For exploratory MAMS trials (for example in phase II), controlling the FWER would not be required by regulatory bodies. However, we believe that the FWER is a more relevant quantity than the pairwise type-I error rate associated with each experimental treatment. The FWER provides the maximum probability of recommending an ineffective treatment, which is important if a phase III trial is to be carried out subsequently. An additional reason to consider designing such trials with FWER control is due to the increased use of phase II studies as the second pivotal study when making a confirmatory claim.
3.2 Powering a MAMS trial
If the objective of the trial is to detect the truly best treatment, then the power to do so depends on both the mean effect of the best treatment, and also the mean effects of all the other experimental treatments. 18
The TAILoR trial was powered to detect the best treatment using what is known as the least favourable configuration (LFC). The LFC requires specification of a clinically relevant difference, δ1, and an uninteresting treatment difference threshold, δ0. The uninteresting treatment difference threshold is the smallest mean difference between an experimental treatment and the control treatment that would make that experimental treatment clinically interesting. Given δ1 and δ0, the LFC is the probability of recommending experimental treatment 1 when δ(1) = δ1 and δ(2) = … = δ(K) = δ0. It is referred to as the least favourable configuration because out of all scenarios where treatment 1 has the clinically relevant treatment effect and treatments 2, … , K are uninteresting, it provides the lowest probability of recommending treatment 1. 4
Group size and power of designs 1-3 at different power scenarios.

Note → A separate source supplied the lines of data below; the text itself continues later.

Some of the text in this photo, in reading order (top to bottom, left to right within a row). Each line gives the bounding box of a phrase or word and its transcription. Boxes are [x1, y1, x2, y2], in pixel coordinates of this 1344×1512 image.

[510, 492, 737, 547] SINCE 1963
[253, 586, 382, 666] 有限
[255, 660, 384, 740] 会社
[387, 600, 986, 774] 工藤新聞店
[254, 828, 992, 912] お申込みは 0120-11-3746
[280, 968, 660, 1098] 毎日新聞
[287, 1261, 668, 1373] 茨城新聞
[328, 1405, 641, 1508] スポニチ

Design 1 has sample size chosen so that power at the LFC with δ1 = 0.545 and δ0 = 0.178 is 0.9; design 2 has sample size chosen so that power at the LFC with δ1 = 0.545 and δ0 = 0 is 0.9; design 3 has sample size chosen so that power to recommend any treatment when all have effect δ = 0.545
Table 1 shows that the choice of δ0 for the LFC does not affect the power greatly provided that δ0 is not too close to δ1. For example design 2, powered for the LFC with δ0 = 0, still has 87.2% power at the LFC with δ0 = 0.178. On the other hand design 3, powered to recommend any experimental treatment when they are all effective, does not adequately power the trial at either LFC considered. It would be unusual for all experimental treatments in a trial to be highly effective in comparison to the control treatment. Thus powering the trial for this situation would be highly optimistic and will often result in under-powered trials in practice.

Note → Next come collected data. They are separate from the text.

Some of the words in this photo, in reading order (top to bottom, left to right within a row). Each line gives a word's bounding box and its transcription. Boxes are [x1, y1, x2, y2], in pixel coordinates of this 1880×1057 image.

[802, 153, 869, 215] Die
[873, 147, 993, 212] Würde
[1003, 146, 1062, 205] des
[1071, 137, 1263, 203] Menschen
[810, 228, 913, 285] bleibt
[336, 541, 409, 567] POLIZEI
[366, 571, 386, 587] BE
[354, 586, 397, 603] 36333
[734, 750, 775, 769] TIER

3.3 Choosing stopping boundaries
As for group-sequential trials, the choice of stopping boundaries influences the operating characteristics of a MAMS trial. One approach to setting stopping boundaries is to specify a function that determines the shape, such as those of Pocock, 20 O'Brien and Flemming, 13 or the triangular stopping boundaries of Whitehead and Stratton. 19 As discussed in Section 3.1, with a given stopping boundary shape it is conceptually straightforward, although computationally demanding, to find the MAMS design with required FWER and power. Even more complex, though achievable, is the use of the more flexible alpha-spending approach. 21 The disadvantage of using set stopping boundaries (or alpha-spending) is that the expected sample size properties may not be to ones liking. Wason and Jaki 16 show that the triangular design performs well in terms of expected sample size, so is a good choice if a pre-specified design is desirable.
An alternative is to search for an optimal design. This is an extremely computationally demanding procedure, but does produce designs which have desirable expected sample size properties. Of particular interest is a generalisation of the δ-minimax design,22,23 which is described in Wason and Jaki. 16 The generalised δ-minimax design has very good expected sample size characteristics, generally improving over the triangular design when the experimental treatments are not much better than control. It does not perform as well as the triangular test when some experimental treatments are considerably better than control.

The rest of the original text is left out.